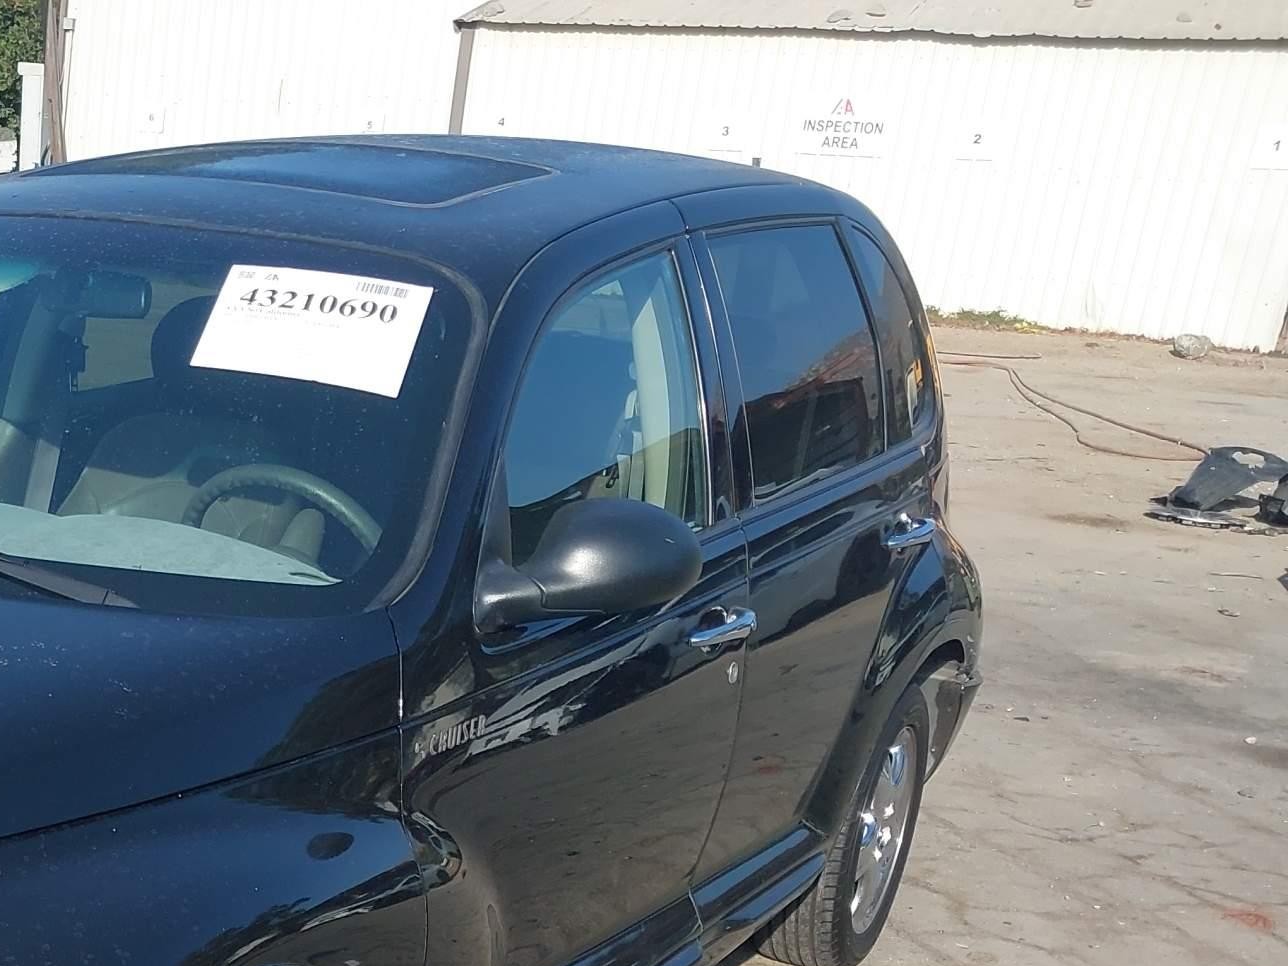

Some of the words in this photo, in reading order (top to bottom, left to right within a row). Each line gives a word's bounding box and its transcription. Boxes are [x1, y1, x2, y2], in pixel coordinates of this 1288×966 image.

[497, 117, 505, 126] 4
[803, 119, 884, 134] INSPECTION
[721, 125, 730, 136] 3
[821, 135, 858, 149] AREA
[972, 133, 982, 145] 2
[1273, 139, 1281, 152] 1
[239, 287, 399, 324] 43210690
[429, 714, 487, 756] CRUISER

====

§ WHAT IS EXPECTED: Pictures aside, print every line of the material exactly.

§ ANSWER SPACE:
Some of the words in this photo, in reading order (top to bottom, left to right within a row). Each line gives a word's bounding box and its transcription. Boxes are [x1, y1, x2, y2], in pixel coordinates of this 1288×966 image.

[497, 117, 505, 126] 4
[803, 119, 884, 134] INSPECTION
[721, 125, 730, 136] 3
[821, 135, 858, 149] AREA
[972, 133, 982, 145] 2
[1273, 139, 1281, 152] 1
[239, 287, 399, 324] 43210690
[429, 714, 487, 756] CRUISER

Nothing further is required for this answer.